LLP: Did he spend time at your house? 

LP: Yes. Campigli was a great narrator, an ex-journalist who had become a painter on the suggestion of his wife. She was a beautiful Romanian lady called Dutza Radulescu. We lived with him for a few months. He would cook in his big studio, we would eat around the ping-pong table while he told us about his war adventures. During that winter spent together, he slowly finished a family portrait. We were attracted to him, to his character, but then the distance grew between us. At a certain point, in fact, he abandoned the beautiful Dutza and fell in love with a girl from Como. He married her, and had her dress like his first wife, with sweaters and heavy silver bracelets. My sister Giovanna and I were shocked: “What’s going on?
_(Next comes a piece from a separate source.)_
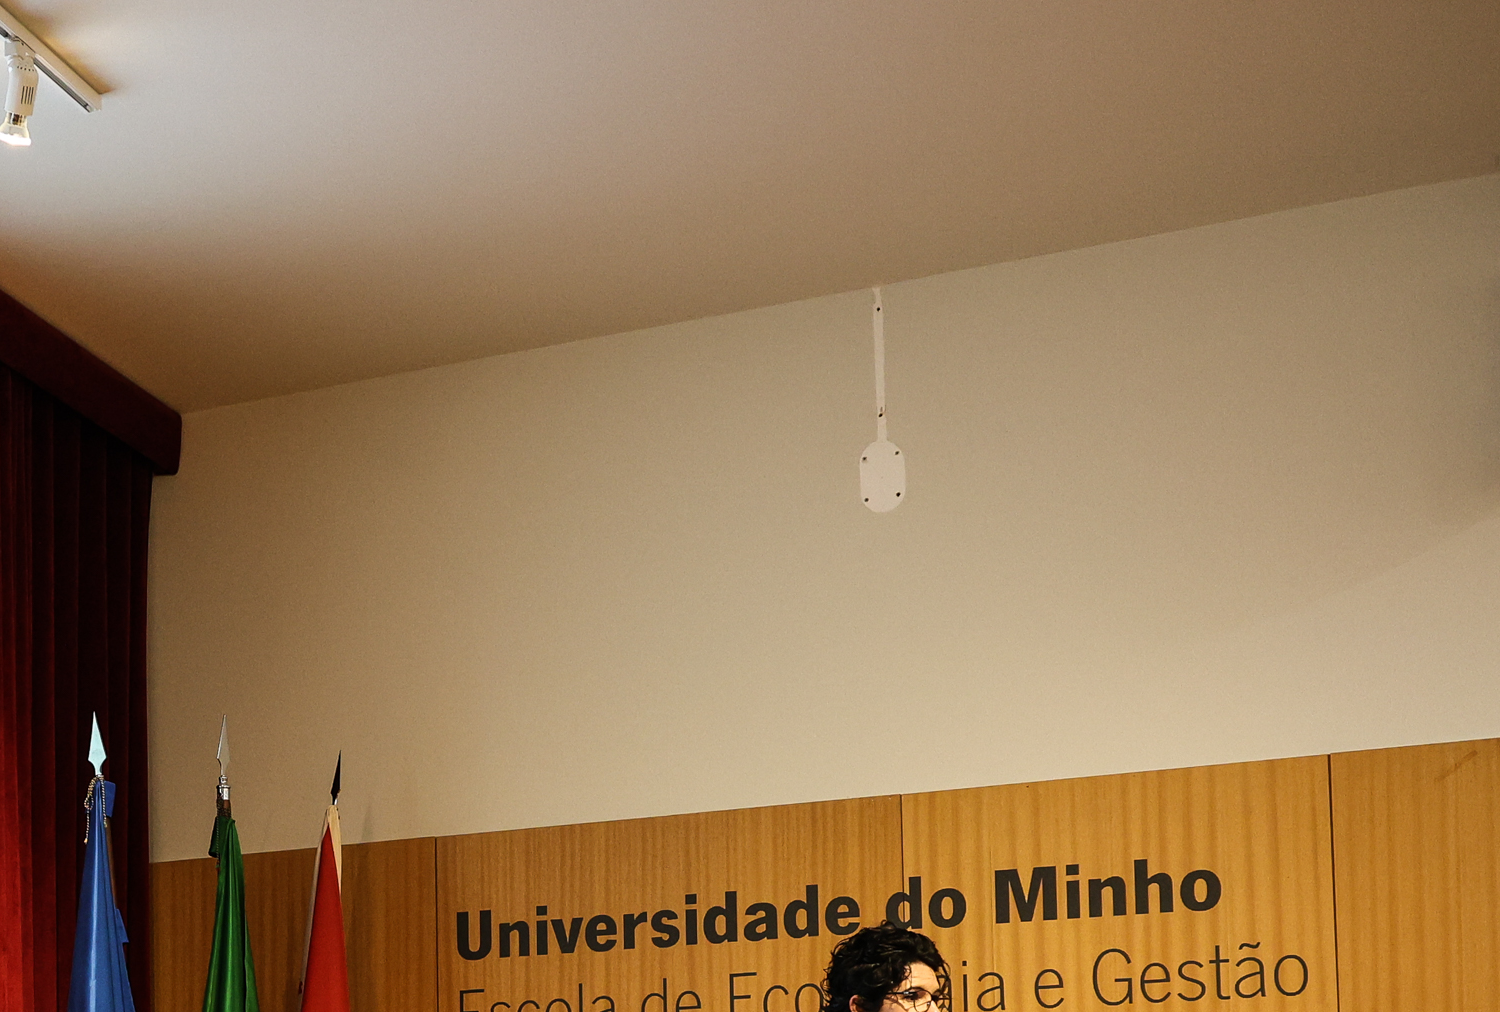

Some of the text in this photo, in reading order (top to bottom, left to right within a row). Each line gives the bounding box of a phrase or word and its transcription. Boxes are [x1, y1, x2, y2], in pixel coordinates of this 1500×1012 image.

[456, 858, 1222, 961] Universidade do Minho
[1034, 968, 1064, 1008] e
[1092, 941, 1309, 1006] Gestão
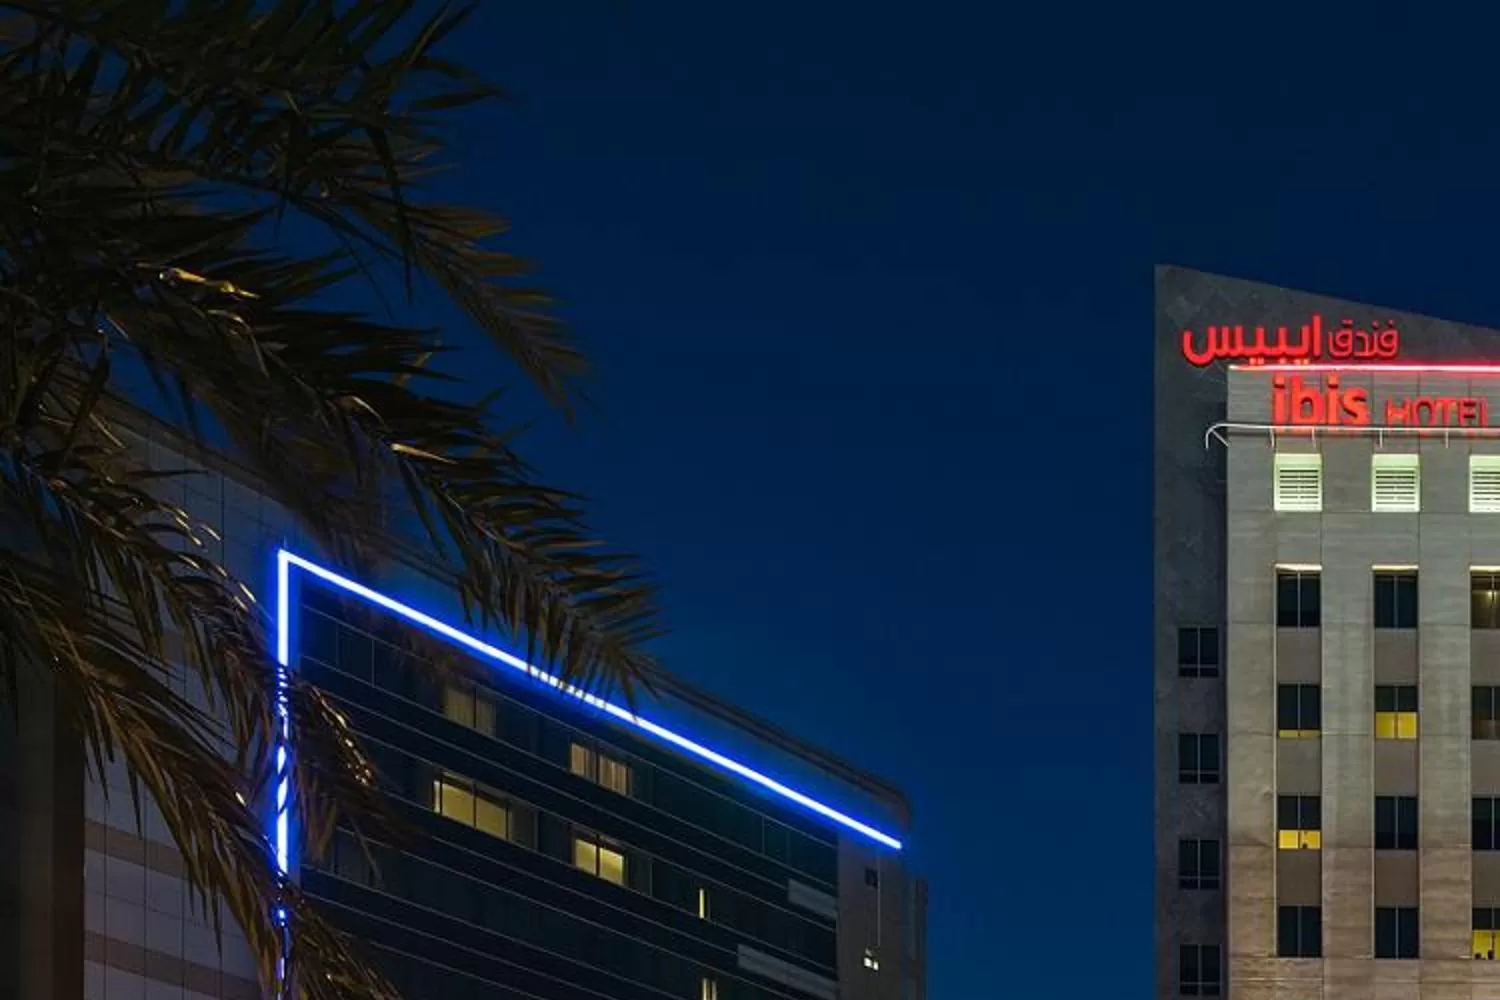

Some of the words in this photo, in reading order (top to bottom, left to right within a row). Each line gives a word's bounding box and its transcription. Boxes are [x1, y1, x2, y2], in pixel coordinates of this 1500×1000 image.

He takes women and transforms them all! How overbearing of him!” Then he found a third one and dressed her the same way too. This cooled our relationship somewhat. 

LLP: Stile was a magazine that had active involvement with the artists, just like Domus then became…

LP: Yes, absolutely. Stile came to an end because of the bombings. The factories were destroyed, and people didn’t have the money to spend on magazines; priorities had changed. It had been created in a time of luxury, with plenty of pages, different types of paper… Then it ended up being printed on cheap paper, in black and white with red as the only alternative colour. But it was still beautiful. It was the styling that counted. Things can be done even without resources. Actually, magazines produced on a shoestring can turn out just fine. 

LLP: So, starting in the 1940s you begin to write actively… 

LP: Yes, Domus had changed hands to Rogers. But the publisher, Mazzocchi, did not want to go back to Ponti. My father accepted on one condition: that Ernesto Nathan Rogers be made director of Casabella. And that’s what happened.  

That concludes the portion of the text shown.